ACTIVITY ▸ Where a picture occurs in the data, omit it, and copy all remaining data exactly.

RECORDS SUPPLIED ▸
<<<<

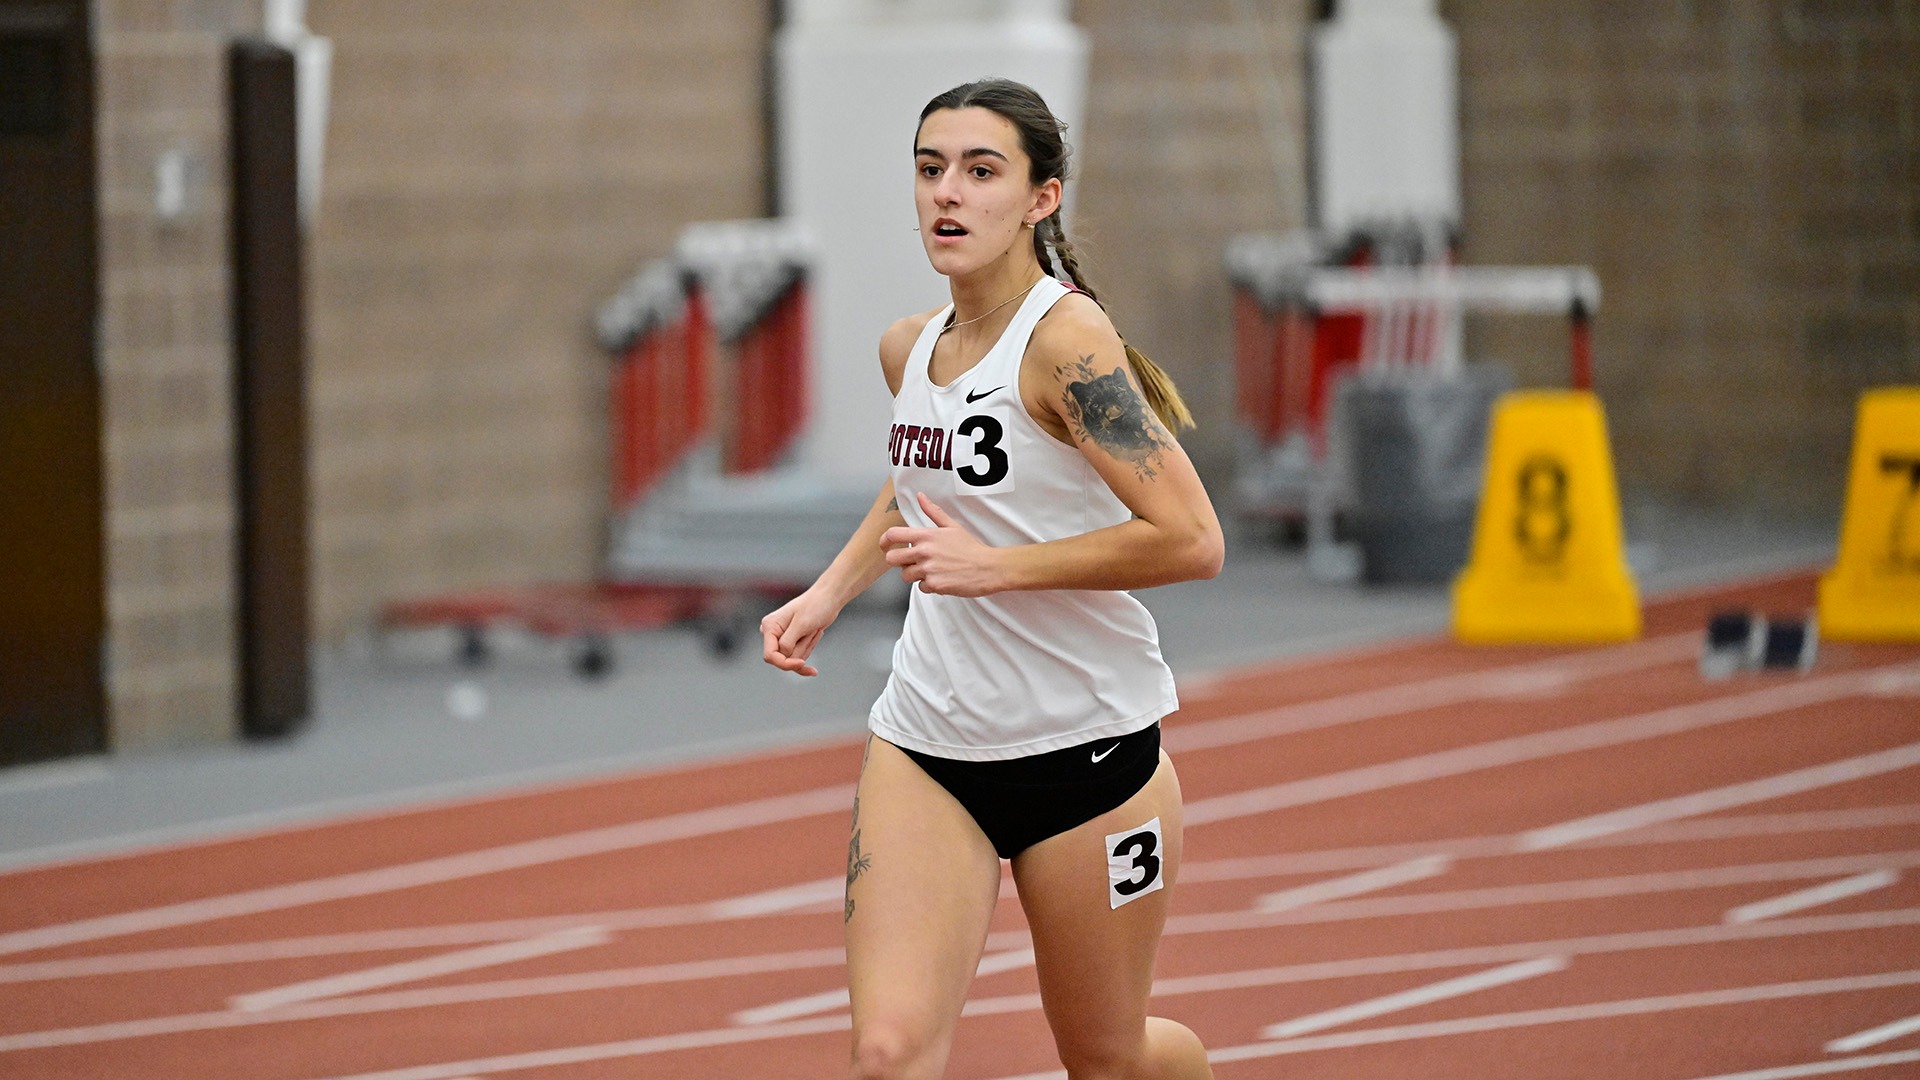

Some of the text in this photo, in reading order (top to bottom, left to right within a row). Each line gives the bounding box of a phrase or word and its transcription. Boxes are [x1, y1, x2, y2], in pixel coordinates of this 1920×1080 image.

[956, 414, 1009, 487] 3
[1516, 455, 1571, 565] 8
[1112, 830, 1160, 896] 3
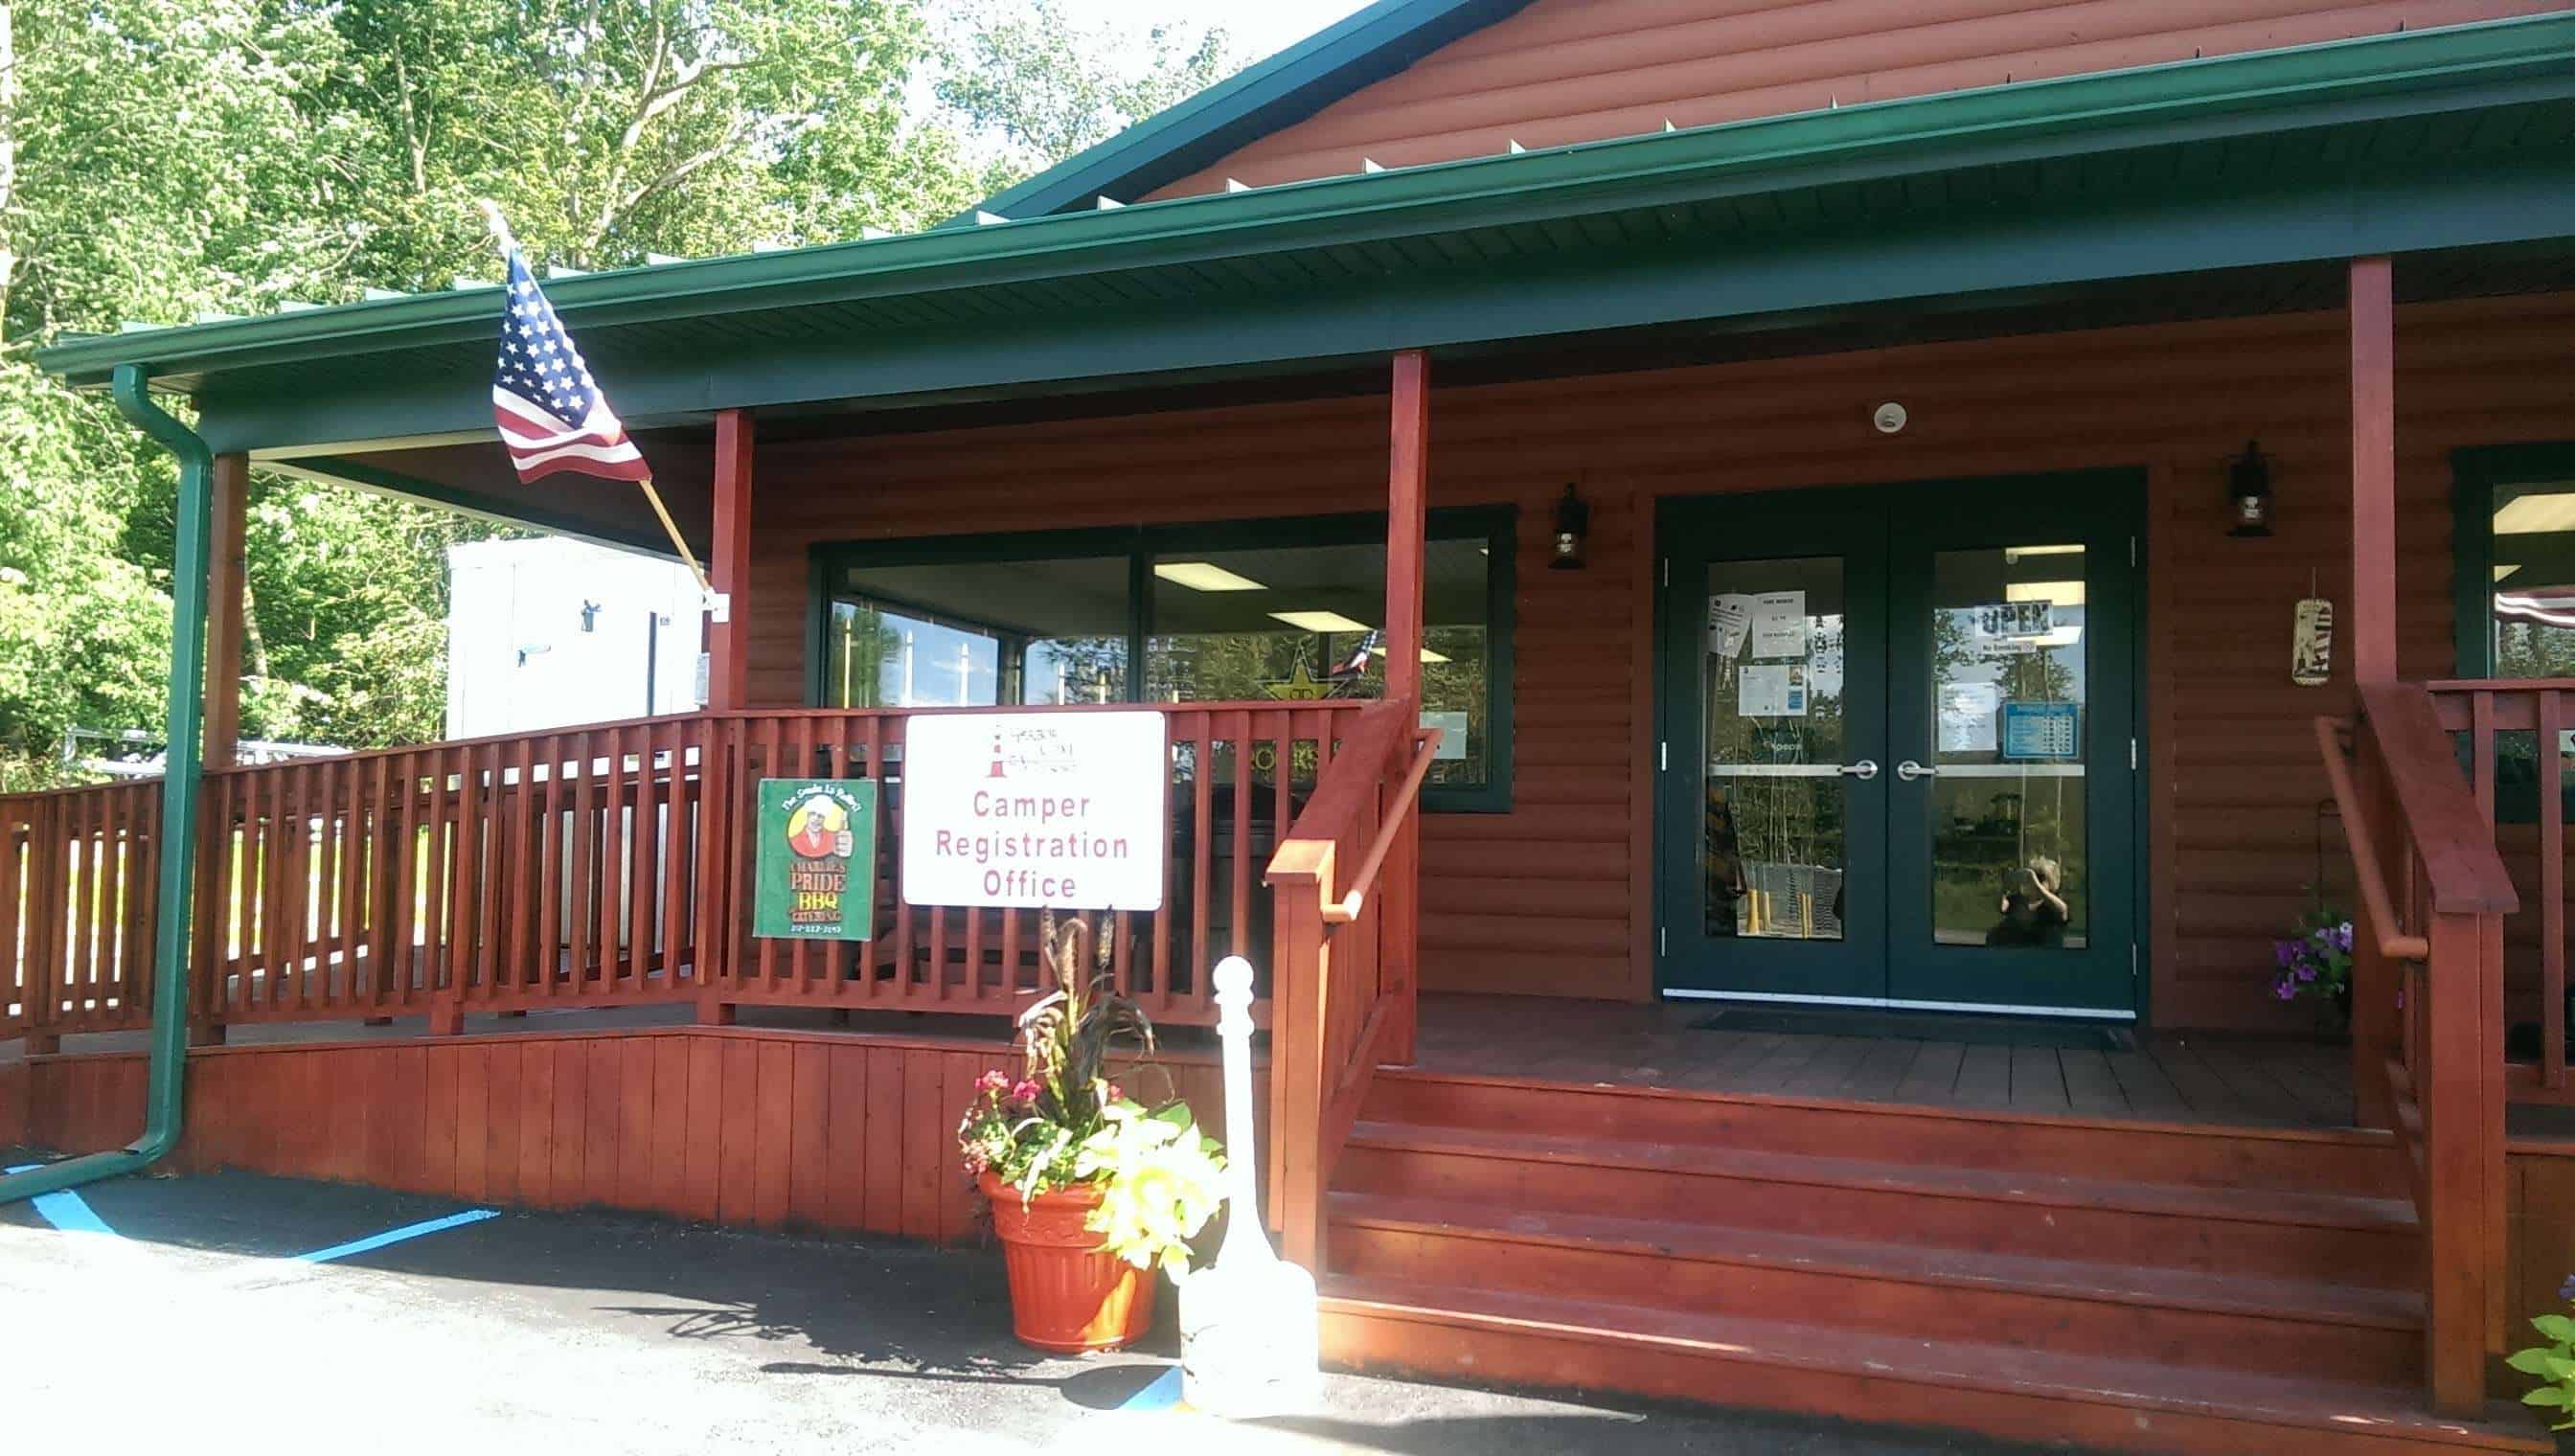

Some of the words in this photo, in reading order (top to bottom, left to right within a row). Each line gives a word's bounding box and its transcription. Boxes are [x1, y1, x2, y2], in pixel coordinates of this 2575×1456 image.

[973, 790, 1090, 825] Camper
[935, 830, 1128, 864] Registration
[790, 873, 847, 893] PRIDE
[984, 869, 1077, 898] Office
[798, 891, 839, 911] BBQ

>>>>

EXERCISE SOLUTION ▸
Some of the text in this photo, in reading order (top to bottom, left to right within a row). Each line gives the bounding box of a phrase or word and its transcription. Boxes are [x1, y1, x2, y2], in pixel coordinates of this 1920×1080 image.

[956, 414, 1009, 487] 3
[1516, 455, 1571, 565] 8
[1112, 830, 1160, 896] 3

Some of the words in this photo, in reading order (top to bottom, left to right within a row). Each line gives a word's bounding box and its transcription. Boxes are [x1, y1, x2, y2], in pixel coordinates of this 2575×1456 image.

[973, 790, 1090, 825] Camper
[935, 830, 1128, 864] Registration
[790, 873, 847, 893] PRIDE
[984, 869, 1077, 898] Office
[798, 891, 839, 911] BBQ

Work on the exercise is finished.